### TASK
In the records below, find the line containing "Some of the words" and retype it and every line after it exactly, adding nothing.

### RECORDS TO USE

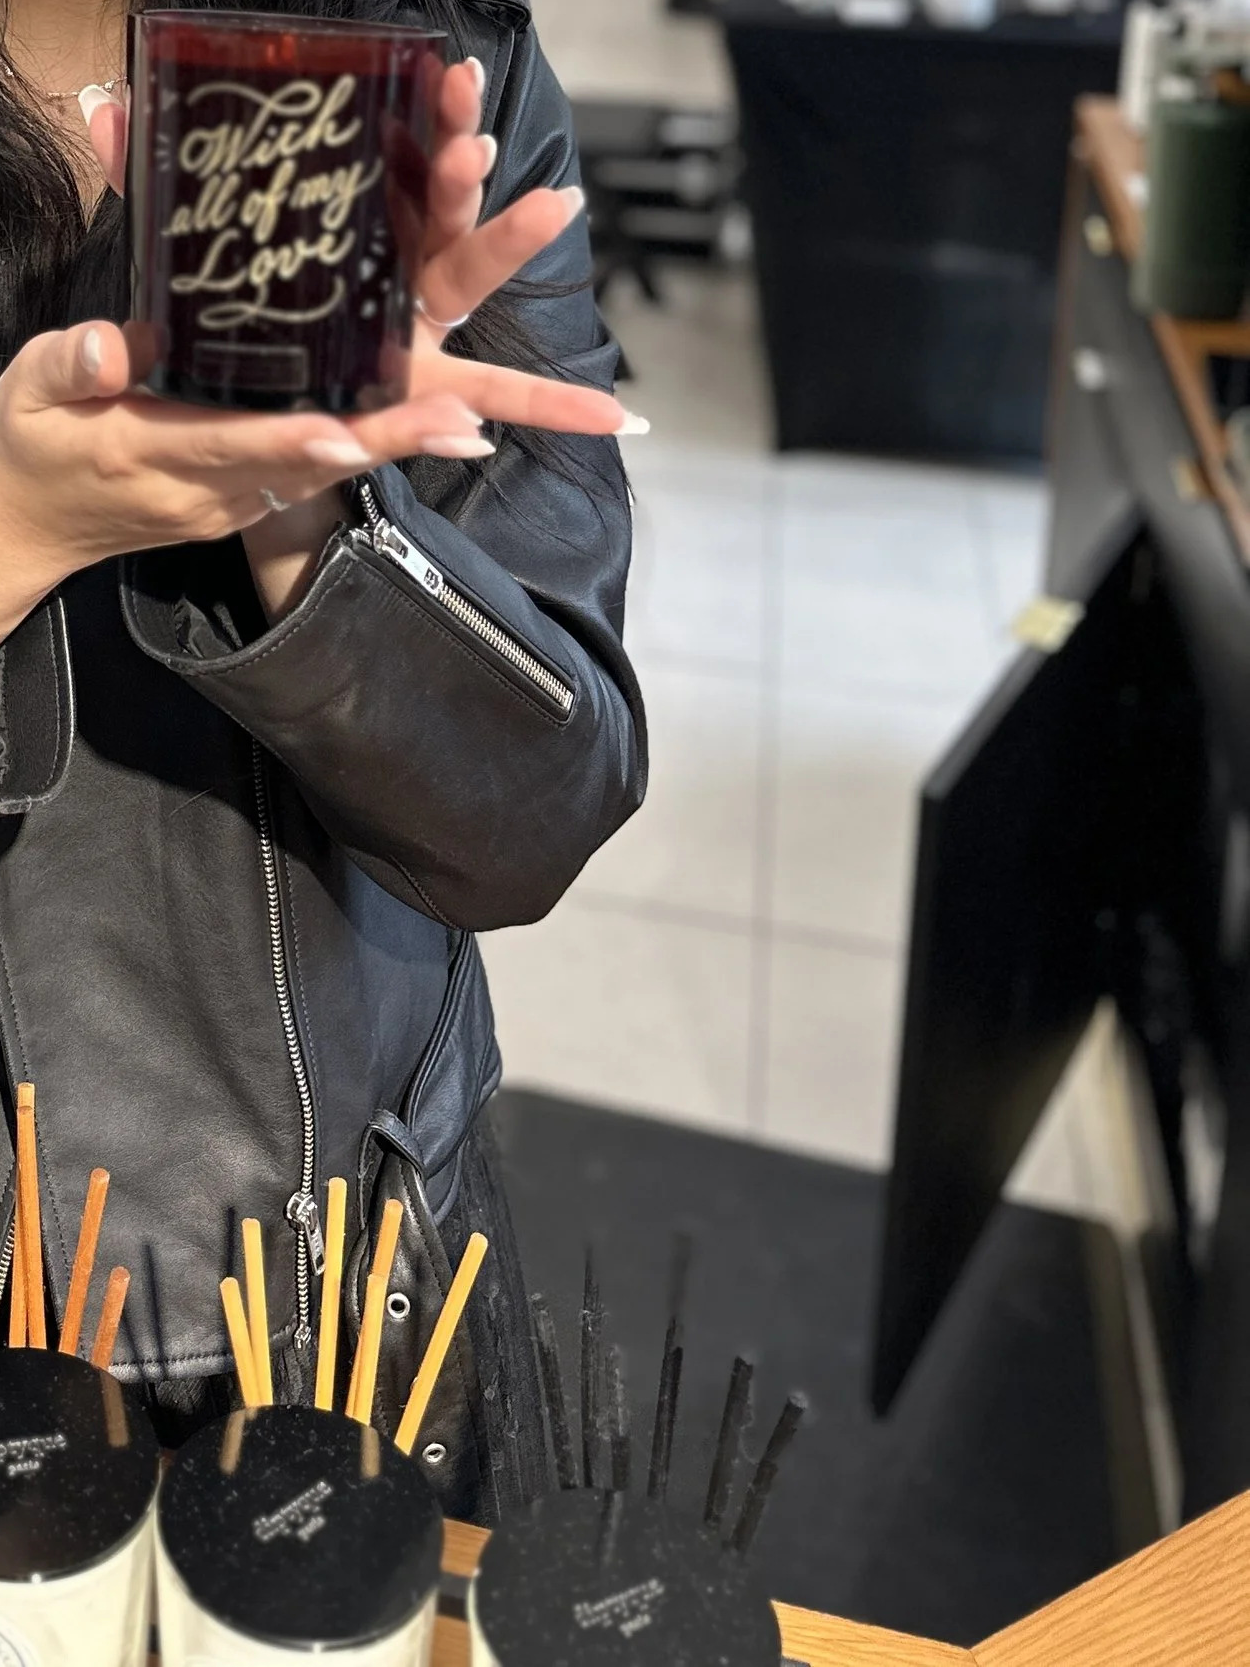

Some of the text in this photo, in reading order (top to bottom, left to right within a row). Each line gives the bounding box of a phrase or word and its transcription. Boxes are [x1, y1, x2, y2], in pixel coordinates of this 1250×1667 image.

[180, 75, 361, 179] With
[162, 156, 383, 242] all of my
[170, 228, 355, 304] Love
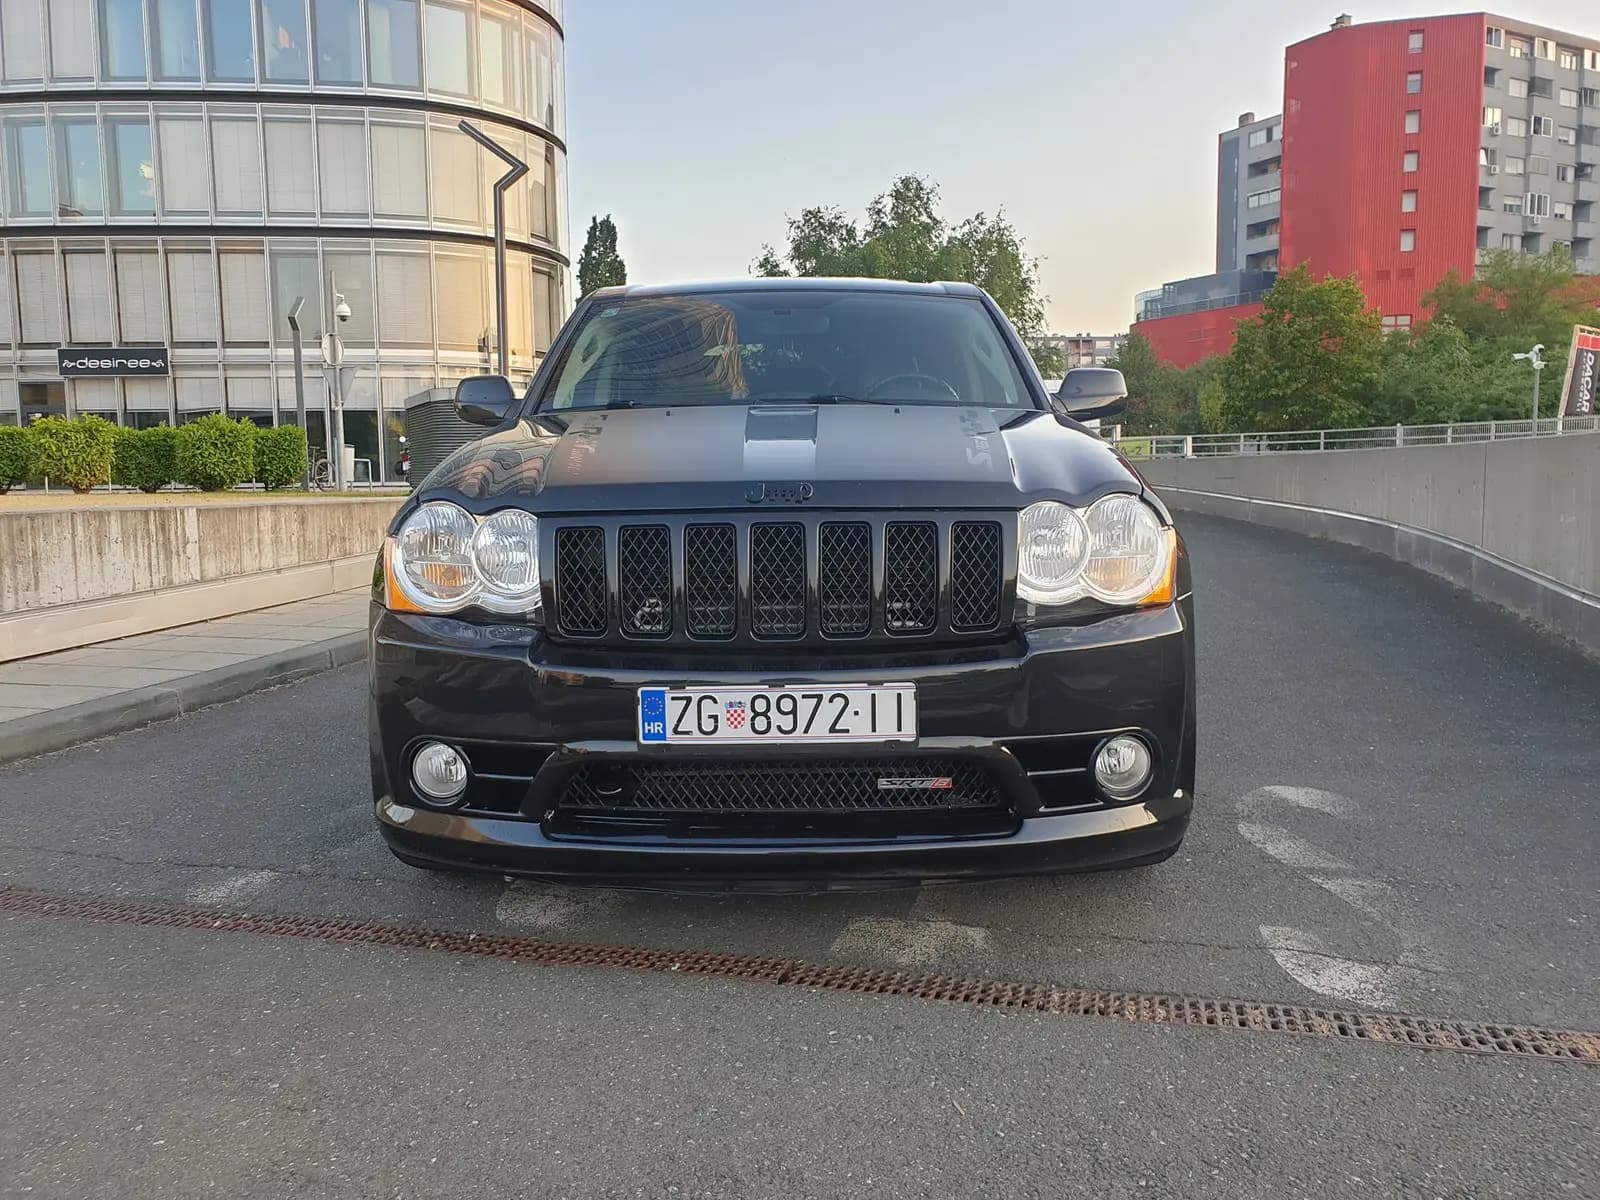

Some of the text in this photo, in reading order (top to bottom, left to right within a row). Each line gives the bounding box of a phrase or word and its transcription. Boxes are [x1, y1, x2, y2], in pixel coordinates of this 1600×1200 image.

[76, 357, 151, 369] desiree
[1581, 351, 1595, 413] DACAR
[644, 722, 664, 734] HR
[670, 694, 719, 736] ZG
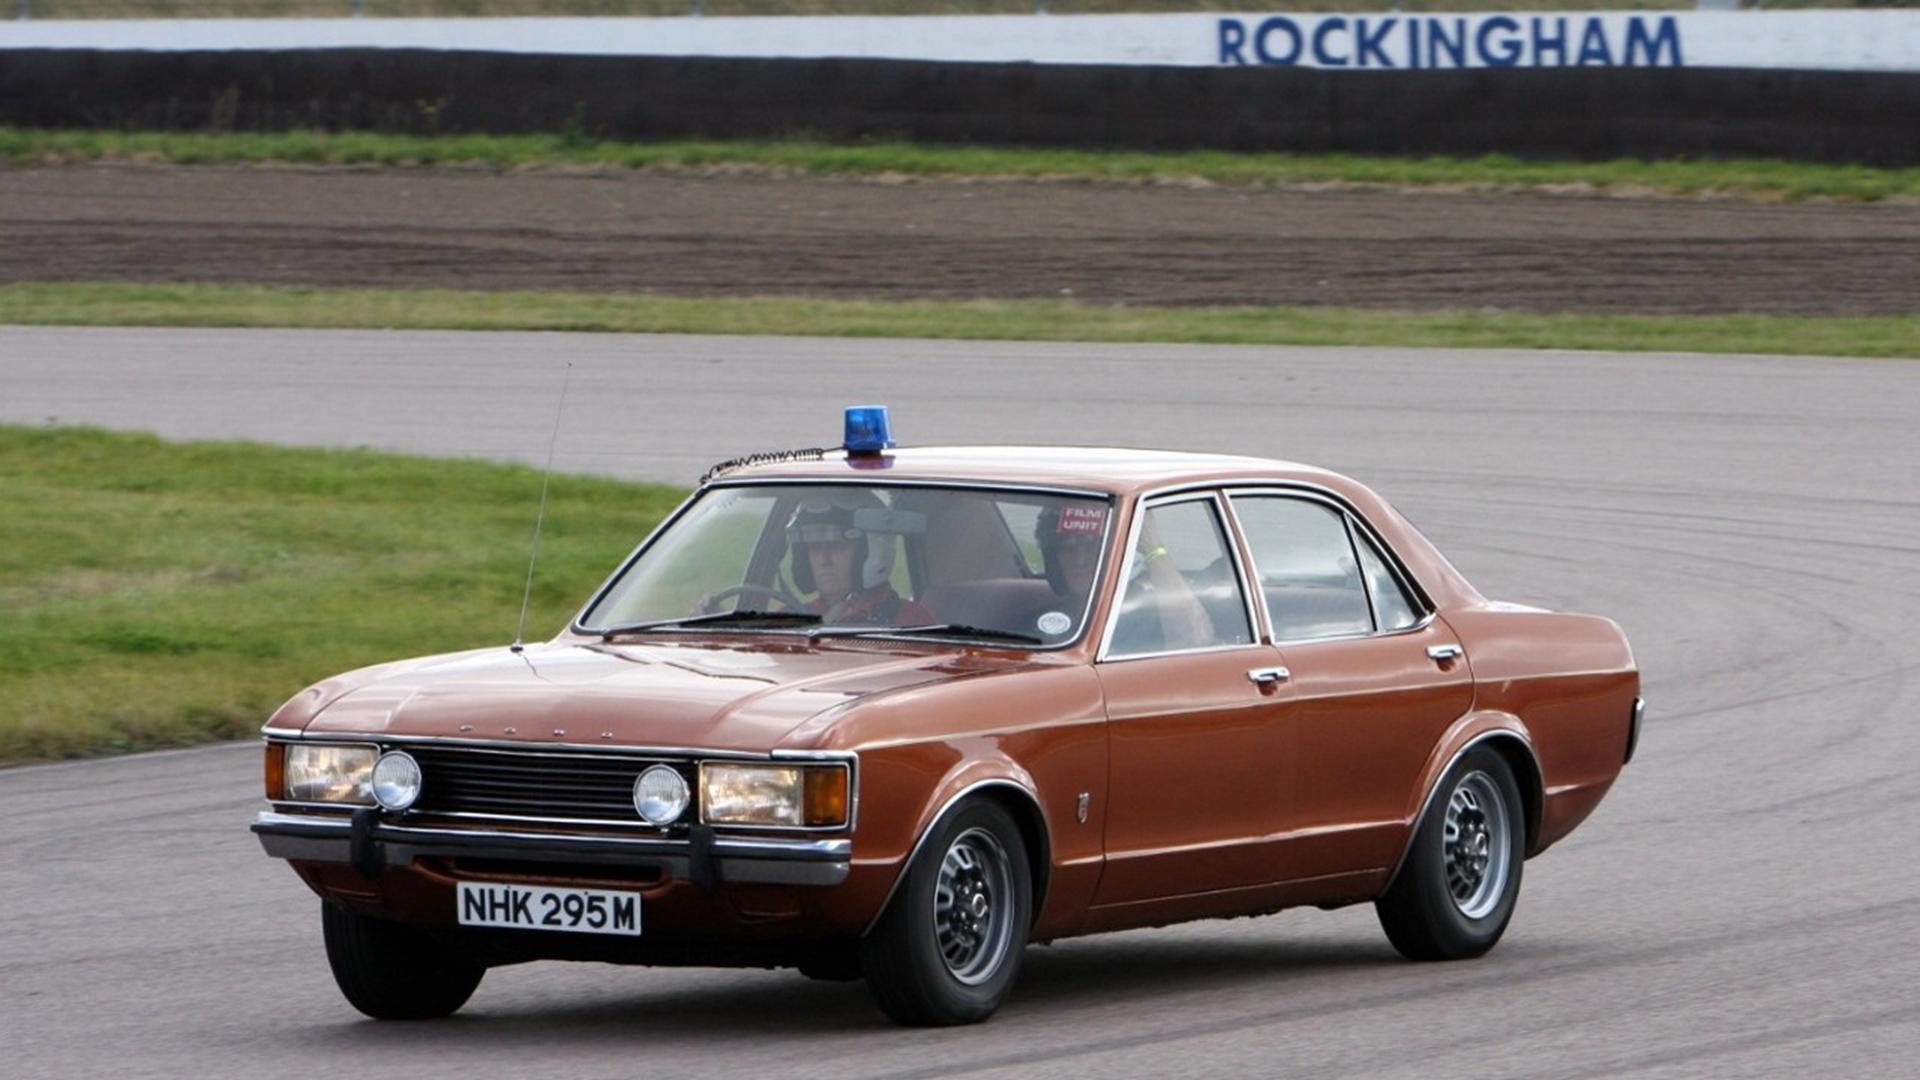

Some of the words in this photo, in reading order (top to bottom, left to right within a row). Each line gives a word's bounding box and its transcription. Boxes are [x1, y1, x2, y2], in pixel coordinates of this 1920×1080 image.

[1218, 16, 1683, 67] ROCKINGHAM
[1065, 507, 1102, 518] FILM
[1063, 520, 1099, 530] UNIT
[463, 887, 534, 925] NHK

### WRITTEN ANSWER
Some of the words in this photo, in reading order (top to bottom, left to right within a row). Each line gives a word's bounding box and its transcription. Boxes are [x1, y1, x2, y2], in pixel coordinates of this 1920×1080 image.

[1218, 16, 1683, 67] ROCKINGHAM
[1065, 507, 1102, 518] FILM
[1063, 520, 1099, 530] UNIT
[463, 887, 534, 925] NHK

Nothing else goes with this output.